‘The Bison Is Poland’s Animal’ : Ice-Age Relics Roaming in Land of Kings, Czars

Associated Press

Deep in a primeval forest straddling the Polish-Soviet border roams the world’s largest herd of European bison, a cousin of the American buffalo, whose history dates back to the Ice Age.

The bison, which faced extinction 60 years ago, thrives today in the Bialowieza National Forest, a dense, thickly wooded preserve of centuries-old oaks and pines that once served as the personal hunting grounds of Polish kings and the Russian czar.

The bison and the forest have in many ways been linked with the history of eastern Poland, which since the 18th Century has been ruled at one time or another by Poland, Russia, Lithuania and Germany.

“It is easy to say that the history of the bison is connected with the history of Poland,” said Zdislaw Pucek, head of the Mammal Research Institute at Bialowieza. “They suffered enormously during each insurrection, uprising and war.”


Encouraged by the success of the United States in saving the buffalo from extinction, Polish scientists led the campaign to save the bison after World War I, when they had disappeared from the forest and numbered only 40 in the world.

“We, as Poland, had to do it because the animal had lived in Bialowieza from the very beginning,” said Waldemar Pilarski, a professor at the Agricultural Academy in Warsaw. “The bison is Poland’s animal.”

The bison was placed on the endangered species list and three specimens were reintroduced into Bialowieza in 1929. The herd has since grown to 440, of which 240 are on the Polish side of the border. European bison now number 2,500.

Bialowieza is the last primeval forest in Europe, virtually unaltered by man since the glaciers receded 10,000 years ago. The United Nations Educational, Scientific and Cultural Organization (UNESCO) placed Bialowieza on its list of biosphere reserves in 1977 and two years later declared it part of mankind’s heritage.


It covers 480 square miles and before World War II was entirely within Polish territory. When Poland’s eastern border was redrawn after the war, the Soviet Union acquired a little more than half the forest.

Resembles American Buffalo

The bison and the primeval nature preserve remained in Poland, although the bison herd has grown on the Soviet side of the border through migration and gifts of the animal from Poland.

The European bison resembles the American buffalo in size, shape and color. But, unlike the buffalo, which is a prairie dweller, the bison needs large wooded areas to survive. Bialowieza’s virgin woods are particularly well-suited for it.


A thousand years ago, bison roamed the European continent. Their numbers dwindled as forest areas declined with the advance of civilization, and by the 18th Century bison could be found only in Bialowieza, where perhaps 500 lived.

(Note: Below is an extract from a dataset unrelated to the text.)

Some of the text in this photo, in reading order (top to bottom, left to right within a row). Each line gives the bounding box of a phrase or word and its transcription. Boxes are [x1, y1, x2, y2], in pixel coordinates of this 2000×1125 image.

In addition to bison, the forest is rich in other game, such as deer, elk and fox, which long made it a favored hunting ground of royalty and modern-day rulers, including the late Soviet leader Nikita S. Khrushchev in 1957.

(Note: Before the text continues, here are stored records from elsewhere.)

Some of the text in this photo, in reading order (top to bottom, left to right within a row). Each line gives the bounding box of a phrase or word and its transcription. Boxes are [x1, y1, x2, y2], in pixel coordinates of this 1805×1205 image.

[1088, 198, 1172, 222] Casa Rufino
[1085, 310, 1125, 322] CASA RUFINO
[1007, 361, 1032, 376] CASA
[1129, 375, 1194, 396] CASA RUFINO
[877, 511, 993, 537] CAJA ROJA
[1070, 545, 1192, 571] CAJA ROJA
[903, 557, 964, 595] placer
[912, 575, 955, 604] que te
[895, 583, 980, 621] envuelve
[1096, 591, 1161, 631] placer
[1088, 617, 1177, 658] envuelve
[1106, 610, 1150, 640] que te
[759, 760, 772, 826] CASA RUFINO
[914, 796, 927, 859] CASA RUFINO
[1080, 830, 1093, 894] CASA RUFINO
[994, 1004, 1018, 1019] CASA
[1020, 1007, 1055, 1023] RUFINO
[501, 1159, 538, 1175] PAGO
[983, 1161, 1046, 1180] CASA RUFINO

Bison hunting in Bialowieza has been prohibited since the animal was placed on the endangered species list.

Killed in Royal Hunts


It was not always so, although King Zygmunt August of Poland restricted hunting of bison, the prize catch of the forest, to royal parties in the 18th Century. Legend has it that his wife, Queen Maria Theresa, killed eight bison in a single hunt in 1752.

In 1803, when eastern Poland was under Russian partition, the forest was declared the private hunting grounds of the Russian czar, who built a palace in Bialowieza.

When the Poles rose against the Russians in 1863, partisan Polish troops sought refuge in the forest and lived off bison meat, dangerously reducing the size of the herd.

Bison survived in Bialowieza until World War I, when the herd was decimated by the German army after the Russian retreat.


In the confusion after the war until 1920, Bialowieza passed under Lithuanian, Polish and Russian rule before finally being returned to Poland. Warring armies swept through the forest twice, and in 1919, the last bison was killed.

This year, the Polish government has proposed that selected hunting be allowed by foreigners, who would pay $4,000 per bison killed.

The idea is fiercely opposed by scientists involved with the bison, who call it blasphemous that hunting of the animal would even be considered after years of effort to preserve it.

Czeslaw Okolow, the senior research scientist at Bialowieza who has spent most of his life in the forest, said shooting the slow-moving bison, which will fearlessly stand 20 yards from humans, is about as easy as shooting a parked car.


“The line between hunting and killing is very fine,” he said.